__WORK TASK__
All of the data is to be copied word for word.

__Data excerpts__
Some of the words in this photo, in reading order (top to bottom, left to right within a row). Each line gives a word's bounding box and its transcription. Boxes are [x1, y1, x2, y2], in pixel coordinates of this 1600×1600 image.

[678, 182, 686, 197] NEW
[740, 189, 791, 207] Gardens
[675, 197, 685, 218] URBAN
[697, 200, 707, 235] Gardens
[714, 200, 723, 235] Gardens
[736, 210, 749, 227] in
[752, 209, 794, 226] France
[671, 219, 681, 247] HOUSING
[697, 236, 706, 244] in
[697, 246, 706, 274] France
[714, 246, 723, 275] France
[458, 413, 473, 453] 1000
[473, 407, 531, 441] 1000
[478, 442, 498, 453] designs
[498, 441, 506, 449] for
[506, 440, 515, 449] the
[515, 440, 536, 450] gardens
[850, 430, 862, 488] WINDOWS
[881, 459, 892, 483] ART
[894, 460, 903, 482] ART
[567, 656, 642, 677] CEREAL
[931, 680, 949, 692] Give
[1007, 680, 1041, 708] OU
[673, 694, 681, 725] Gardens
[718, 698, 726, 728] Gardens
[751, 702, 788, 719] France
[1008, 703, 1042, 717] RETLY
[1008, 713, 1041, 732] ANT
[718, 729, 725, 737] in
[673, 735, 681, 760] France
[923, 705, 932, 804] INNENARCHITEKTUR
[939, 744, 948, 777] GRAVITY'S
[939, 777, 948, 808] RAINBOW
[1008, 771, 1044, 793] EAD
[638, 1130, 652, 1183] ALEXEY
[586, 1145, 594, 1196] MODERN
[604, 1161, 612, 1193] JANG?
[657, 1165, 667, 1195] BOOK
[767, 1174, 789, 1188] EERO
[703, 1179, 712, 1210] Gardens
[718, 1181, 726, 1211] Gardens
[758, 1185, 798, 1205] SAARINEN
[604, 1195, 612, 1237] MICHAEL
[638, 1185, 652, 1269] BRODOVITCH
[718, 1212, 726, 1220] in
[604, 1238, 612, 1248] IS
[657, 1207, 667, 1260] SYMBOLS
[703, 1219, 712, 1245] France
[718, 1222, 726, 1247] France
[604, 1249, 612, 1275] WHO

__OUTPUT OF THE TASK__
Some of the words in this photo, in reading order (top to bottom, left to right within a row). Each line gives a word's bounding box and its transcription. Boxes are [x1, y1, x2, y2], in pixel coordinates of this 1600×1600 image.

[678, 182, 686, 197] NEW
[740, 189, 791, 207] Gardens
[675, 197, 685, 218] URBAN
[697, 200, 707, 235] Gardens
[714, 200, 723, 235] Gardens
[736, 210, 749, 227] in
[752, 209, 794, 226] France
[671, 219, 681, 247] HOUSING
[697, 236, 706, 244] in
[697, 246, 706, 274] France
[714, 246, 723, 275] France
[458, 413, 473, 453] 1000
[473, 407, 531, 441] 1000
[478, 442, 498, 453] designs
[498, 441, 506, 449] for
[506, 440, 515, 449] the
[515, 440, 536, 450] gardens
[850, 430, 862, 488] WINDOWS
[881, 459, 892, 483] ART
[894, 460, 903, 482] ART
[567, 656, 642, 677] CEREAL
[931, 680, 949, 692] Give
[1007, 680, 1041, 708] OU
[673, 694, 681, 725] Gardens
[718, 698, 726, 728] Gardens
[751, 702, 788, 719] France
[1008, 703, 1042, 717] RETLY
[1008, 713, 1041, 732] ANT
[718, 729, 725, 737] in
[673, 735, 681, 760] France
[923, 705, 932, 804] INNENARCHITEKTUR
[939, 744, 948, 777] GRAVITY'S
[939, 777, 948, 808] RAINBOW
[1008, 771, 1044, 793] EAD
[638, 1130, 652, 1183] ALEXEY
[586, 1145, 594, 1196] MODERN
[604, 1161, 612, 1193] JANG?
[657, 1165, 667, 1195] BOOK
[767, 1174, 789, 1188] EERO
[703, 1179, 712, 1210] Gardens
[718, 1181, 726, 1211] Gardens
[758, 1185, 798, 1205] SAARINEN
[604, 1195, 612, 1237] MICHAEL
[638, 1185, 652, 1269] BRODOVITCH
[718, 1212, 726, 1220] in
[604, 1238, 612, 1248] IS
[657, 1207, 667, 1260] SYMBOLS
[703, 1219, 712, 1245] France
[718, 1222, 726, 1247] France
[604, 1249, 612, 1275] WHO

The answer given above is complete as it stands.